The scenes, the pictures and the voices of Rachid Mekhloufi, his teammates and football historians are undeniably powerful. His words remind us that the sport is actually made up of skill, intensity and passion. That passion can be translated into an inherent belief of justice.

In this case Mekhloufi and his teammates decided to act participate in calling for Algeria’s independence through their feet. Their goals, plays and thrilling the crowds are their way of protesting one hundred years French rule in their country and the massacres that following during a vengeful separation.That they chose to wear colours and represent a nation (their land) that was stateless is incredibly brave.

To Rachid Mekhloufi, the FLN experience of wordlessly performing for stadiums full of fans while intensely a supporting the dreams of a nation, while wearing green jerseys and singing what would later become the Algeria’s national anthem “couldn’t have been bought with all the gold in the world.”

The stories of these footballers and activists remind us that football isn’t only about money and fame; it is life at the intersection of current events, proactive participation and football. These men transcended the normal status of footballers to emerge as heroes in the social and political spectrums of their time, often with great risks. 

They inspired, delighted and rebelled against the established norms.

“Football Rebels” (Les rebelles du foot) is a fantastic documentary series produced by Gilles Rof and Gilles Perez and was aired online at Al Jazeera.

The documentaries highlight five football legends whose social conscience led them to use their fame, influence and undeniable athletic talent to challenge unjust regimes, join opposition movements and lead the fight for democracy and human rights in their countries.The first part focuses on the majestic Didier Drogba and how his passion for football and love of his country lead to change in Cote d’Ivoire.
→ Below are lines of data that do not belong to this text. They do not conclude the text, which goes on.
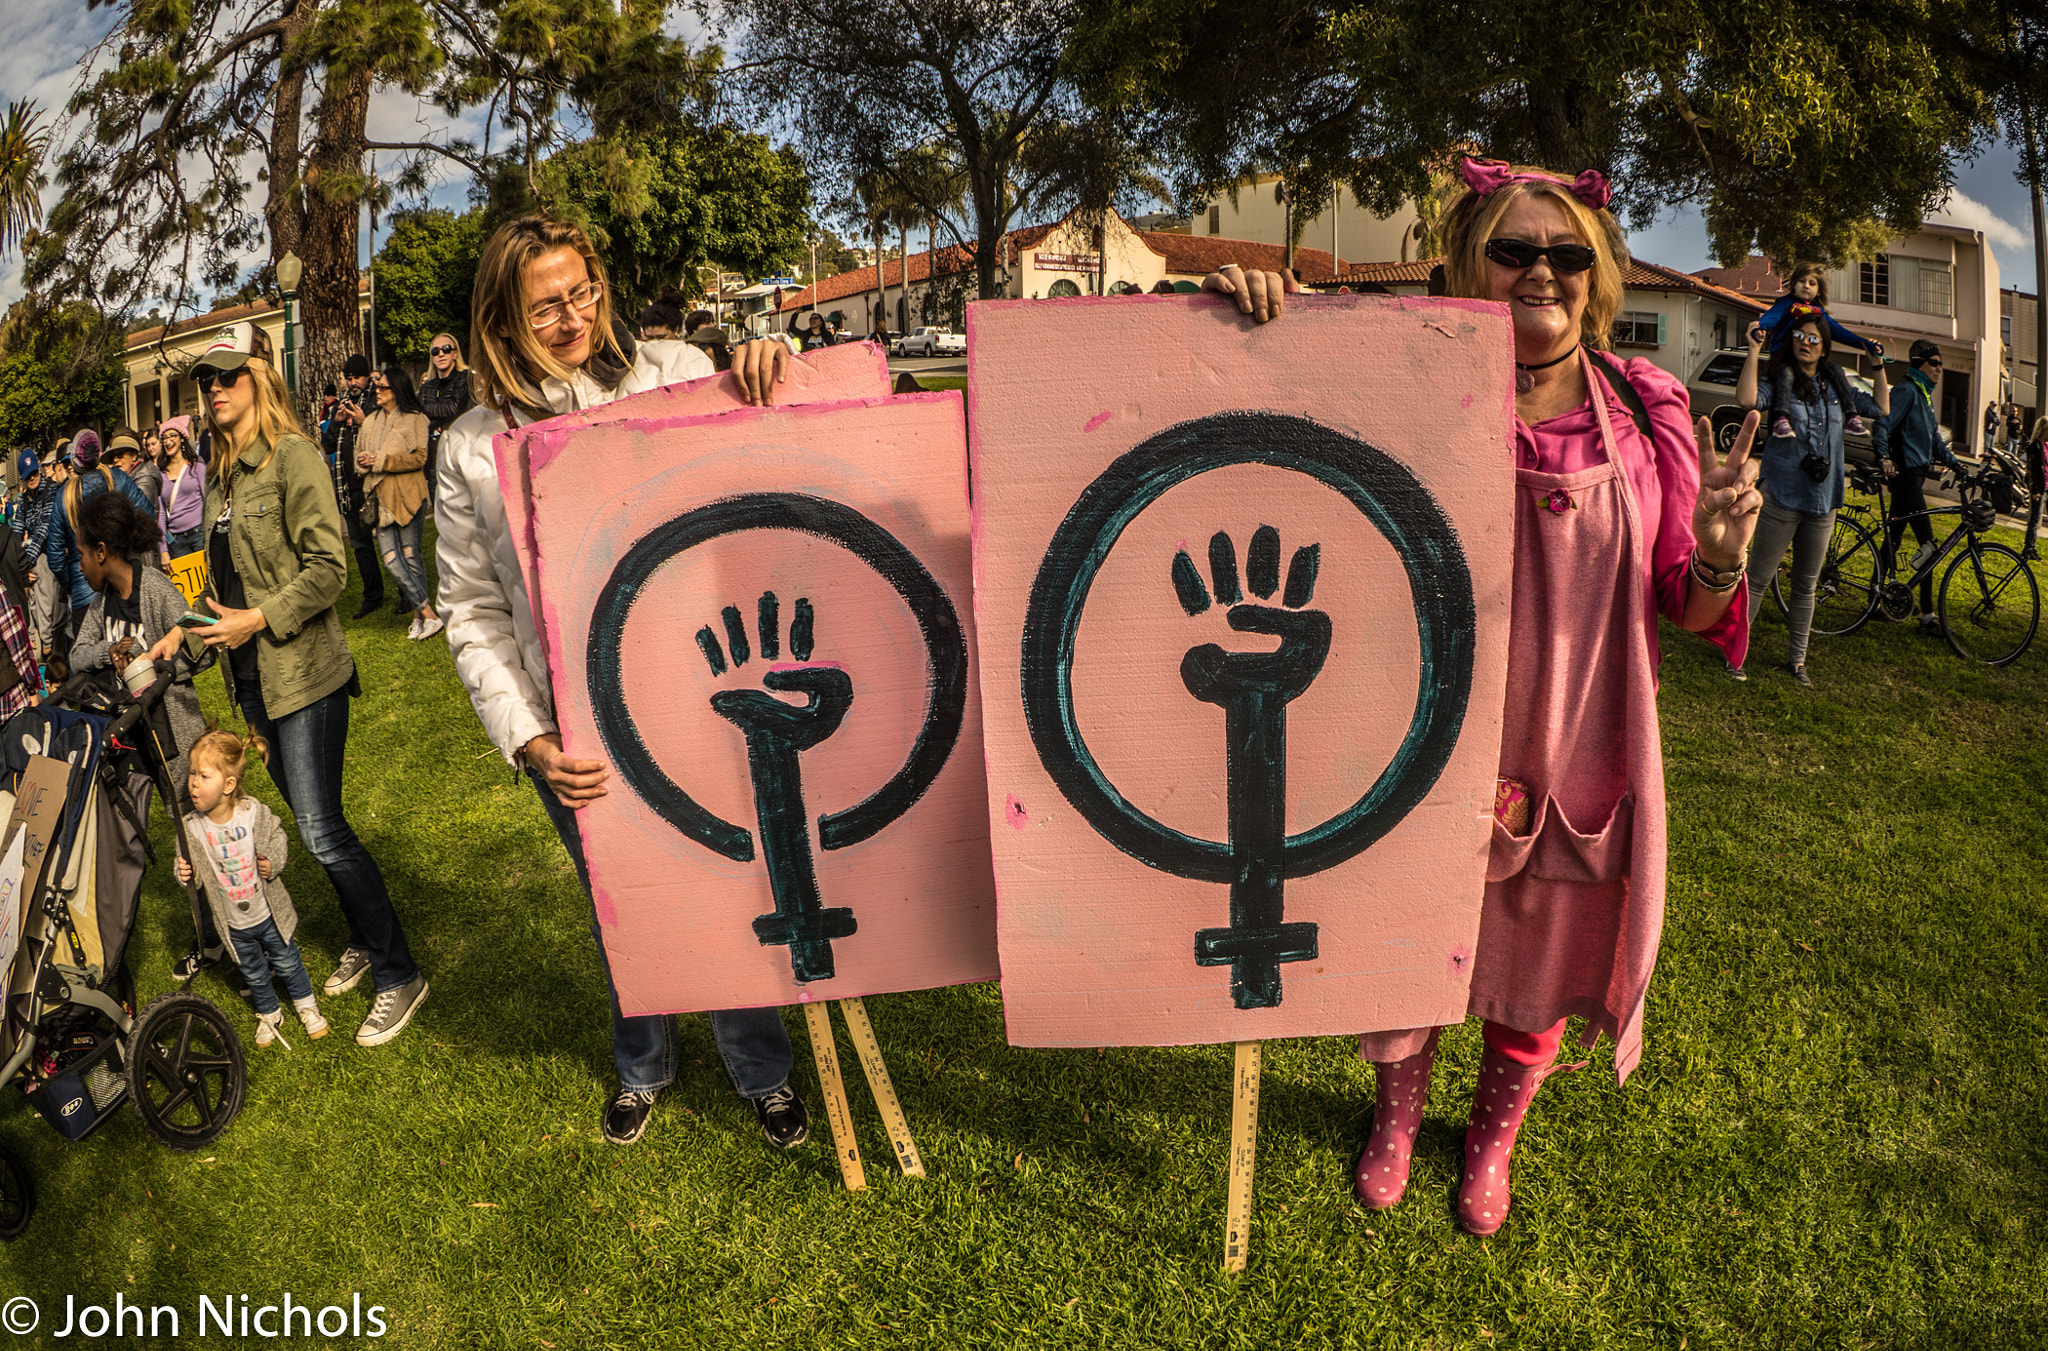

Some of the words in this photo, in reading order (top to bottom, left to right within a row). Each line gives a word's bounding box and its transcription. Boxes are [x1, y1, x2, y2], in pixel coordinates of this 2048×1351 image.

[14, 775, 48, 816] LOVE
[206, 826, 247, 846] KIND
[222, 843, 239, 858] IS
[216, 855, 252, 873] THE
[218, 866, 254, 887] NEW
[220, 883, 259, 900] OOL
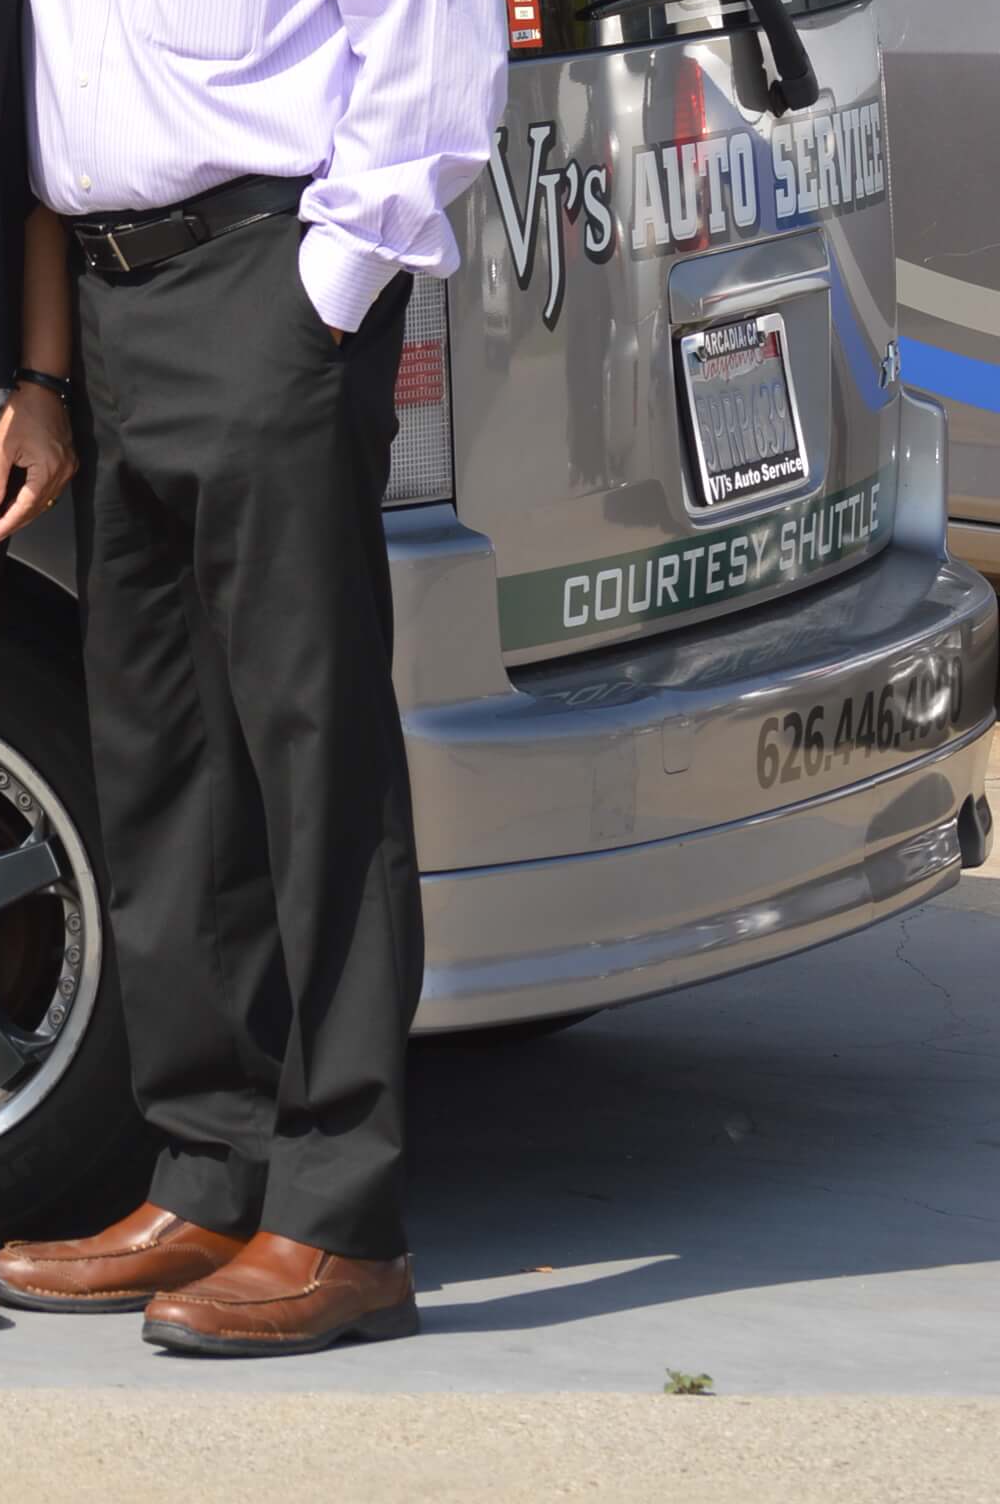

Predrag Pasic (former Yugoslavia), Caszely (Chilea) and Socrates (Brazil) were all featured as men who rose up beyond the game and used football as a vehicle for change, rebellion and expression.

The charismatic and passionate Eric Cantona narrates these stories. He emphatically stresses how Social Justice, humanity and Football are all interlaced.

Of these stories, the tale of Rachid Mekhloufi of Algeria is a brilliant portrayal of how astuteness, loyalty and sport may be used as a vehicle for non-violent political expression. The struggle for Algerian independence went to the pitch.

This post was written by Shireen Ahmed, a leading figure in female sportswriting. You can follow her on Twitter at @_shireenahmed_ Comments below please.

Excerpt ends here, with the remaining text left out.